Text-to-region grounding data
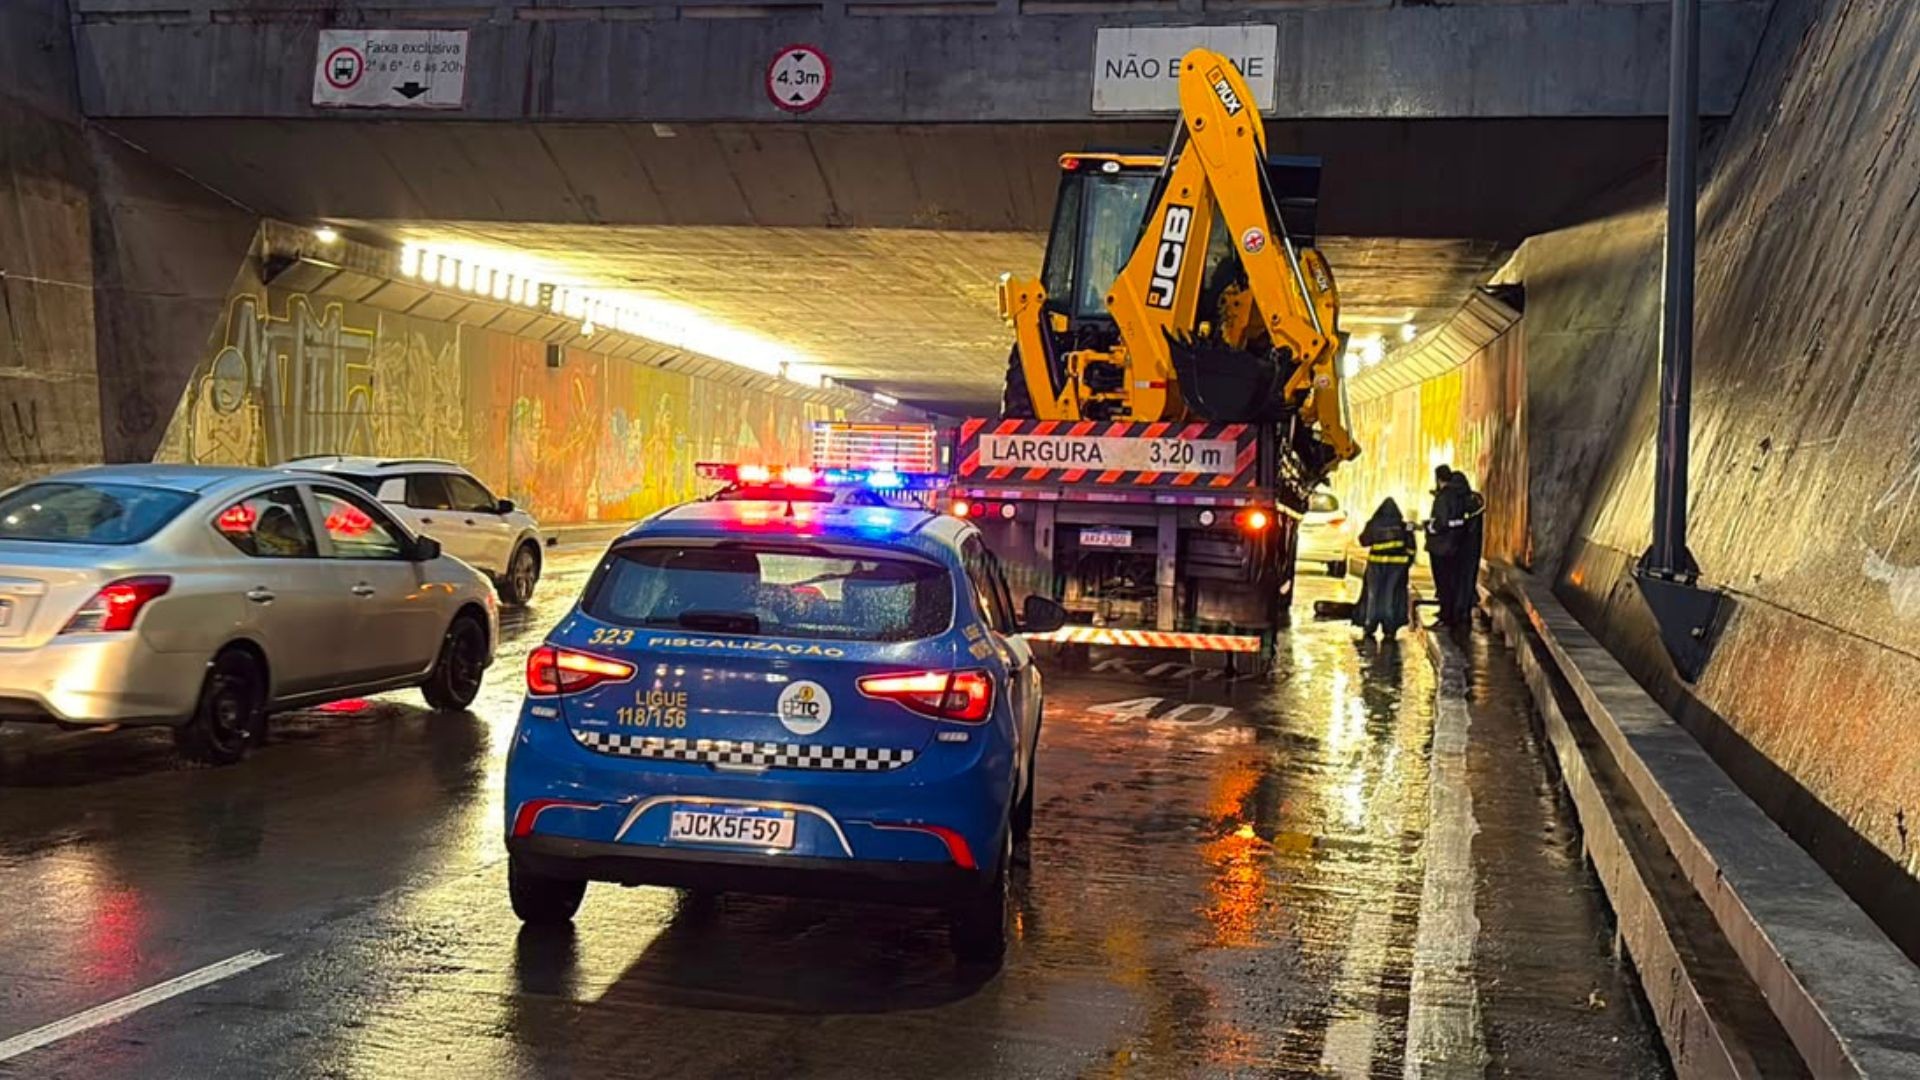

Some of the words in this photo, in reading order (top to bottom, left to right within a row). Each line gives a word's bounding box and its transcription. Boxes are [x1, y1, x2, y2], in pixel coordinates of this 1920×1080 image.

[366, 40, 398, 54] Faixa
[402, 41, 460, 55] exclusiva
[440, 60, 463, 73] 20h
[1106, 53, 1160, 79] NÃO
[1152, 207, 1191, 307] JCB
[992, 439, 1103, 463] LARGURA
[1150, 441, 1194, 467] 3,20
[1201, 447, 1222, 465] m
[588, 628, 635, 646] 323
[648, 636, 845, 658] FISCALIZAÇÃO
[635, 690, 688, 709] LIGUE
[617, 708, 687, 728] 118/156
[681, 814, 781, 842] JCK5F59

TASK DESCRIPTION: Repeat every entry above exactly; images stay out of the copy.

OUTPUT OF THE EXERCISE:
Some of the words in this photo, in reading order (top to bottom, left to right within a row). Each line gives a word's bounding box and its transcription. Boxes are [x1, y1, x2, y2], in pixel coordinates of this 1920×1080 image.

[366, 40, 398, 54] Faixa
[402, 41, 460, 55] exclusiva
[440, 60, 463, 73] 20h
[1106, 53, 1160, 79] NÃO
[1152, 207, 1191, 307] JCB
[992, 439, 1103, 463] LARGURA
[1150, 441, 1194, 467] 3,20
[1201, 447, 1222, 465] m
[588, 628, 635, 646] 323
[648, 636, 845, 658] FISCALIZAÇÃO
[635, 690, 688, 709] LIGUE
[617, 708, 687, 728] 118/156
[681, 814, 781, 842] JCK5F59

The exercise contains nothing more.